Sentence Entity Resolver for Billable ICD10-CM HCC Codes (sbertresolve_icd10cm_slim_billable_hcc)

Description

This model maps clinical entities and concepts to ICD-10-CM codes using sentence bert embeddings. In this model, synonyms having low cosine similarity to unnormalized terms are dropped. It also returns the official resolution text within the brackets inside the metadata. The model is augmented with synonyms, and previous augmentations are flexed according to cosine distances to unnormalized terms (ground truths).
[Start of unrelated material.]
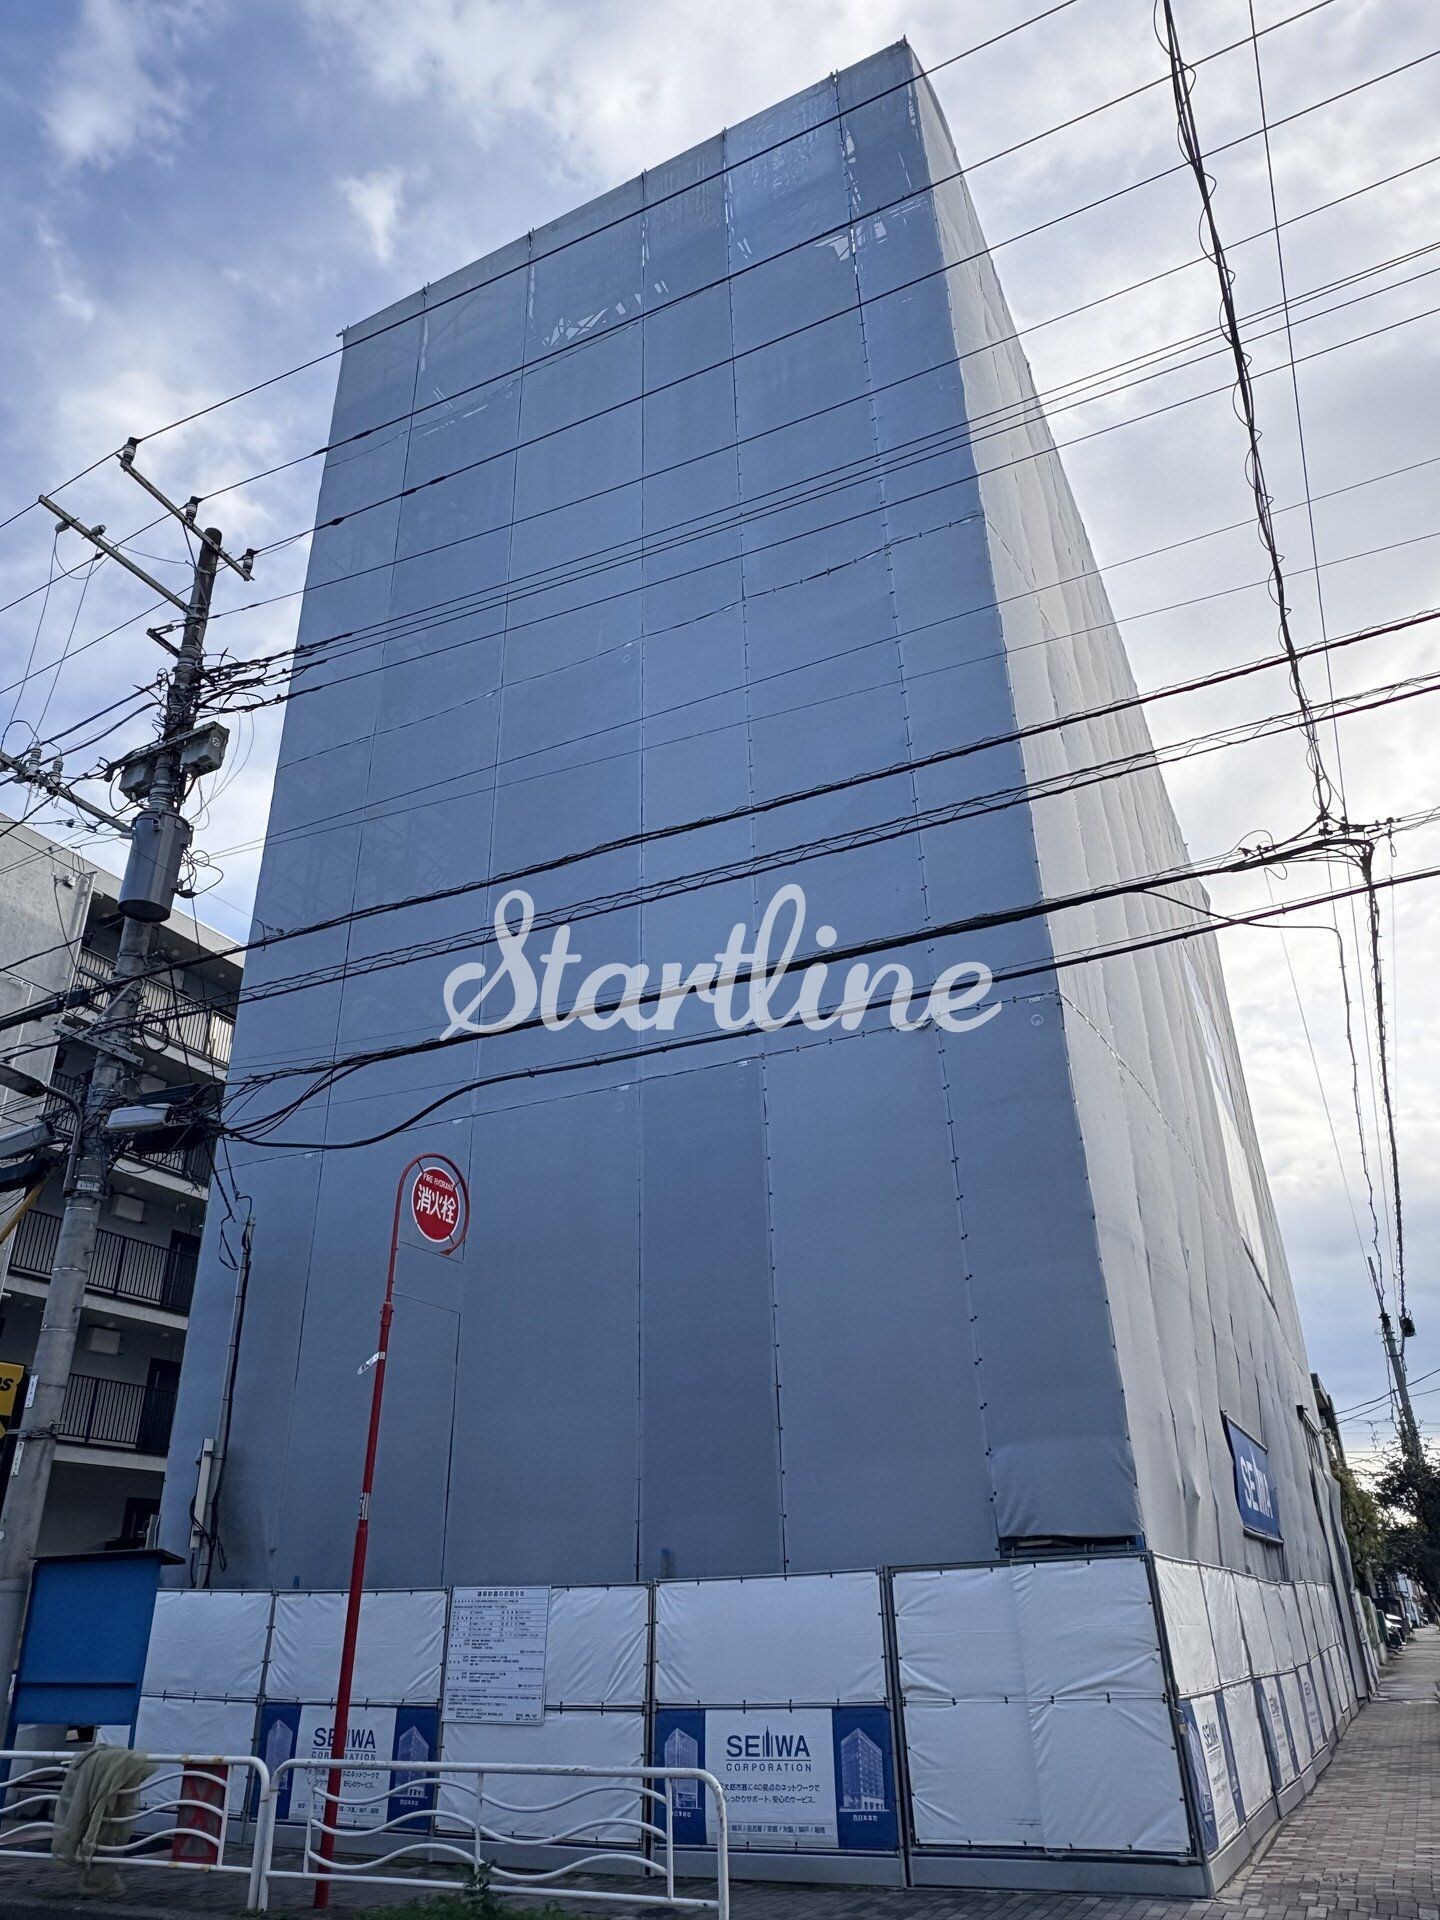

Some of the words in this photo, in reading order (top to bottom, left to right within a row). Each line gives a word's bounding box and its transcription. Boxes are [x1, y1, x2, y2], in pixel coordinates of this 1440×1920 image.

[416, 1184, 455, 1225] 消火栓
[726, 1763, 812, 1772] CORPORATION
Outputs 7-digit billable ICD codes. In the result, look for aux_label parameter in the metadata to get Hierarchical Condition Categories (HCC) status. This column can be divided to get further details: billable status || hcc status || hcc score. For example, if all_k_aux_labels is like 1||1||19 which means the billable status is 1, hcc status is 1, and hcc score is 19.

Predicted Entities

Open in Colab Copy S3 URI

How to use

document_assembler = DocumentAssembler()\
    .setInputCol("text")\
    .setOutputCol("document")

sentence_detector = SentenceDetectorDLModel.pretrained("sentence_detector_dl_healthcare","en","clinical/models")\
    .setInputCols(["document"])\
    .setOutputCol("sentence")

tokenizer = Tokenizer()\
    .setInputCols(["sentence"])\
    .setOutputCol("token")

word_embeddings = WordEmbeddingsModel.pretrained("embeddings_clinical", "en", "clinical/models")\
    .setInputCols(["sentence","token"])\
    .setOutputCol("embeddings")

clinical_ner = MedicalNerModel.pretrained("ner_clinical", "en", "clinical/models")\
    .setInputCols(["sentence","token","embeddings"])\
    .setOutputCol("ner")

ner_converter = NerConverter()\
    .setInputCols(["sentence","token","ner"])\
    .setOutputCol("ner_chunk")\
    .setWhiteList(['PROBLEM'])

chunk2doc = Chunk2Doc()\
    .setInputCols("ner_chunk")\
    .setOutputCol("ner_chunk_doc")

bert_embeddings = BertSentenceEmbeddings.pretrained("sbert_jsl_medium_uncased", "en", "clinical/models")\
    .setInputCols(["ner_chunk_doc"])\
    .setOutputCol("bert_embeddings")\
    .setCaseSensitive(False)

icd10_resolver = SentenceEntityResolverModel.SentenceEntityResolverModel.pretrained("sbertresolve_icd10cm_slim_billable_hcc", "en", "clinical/models")\
    .setInputCols(["bert_embeddings"]) \
    .setOutputCol("resolution")\
    .setDistanceFunction("EUCLIDEAN")

nlpPipeline = Pipeline(stages=[document_assembler, 
                               sentence_detector, 
                               tokenizer, 
                               word_embeddings, 
                               clinical_ner, 
                               ner_converter, 
                               chunk2doc, 
                               bert_embeddings, 
                               icd10_resolver])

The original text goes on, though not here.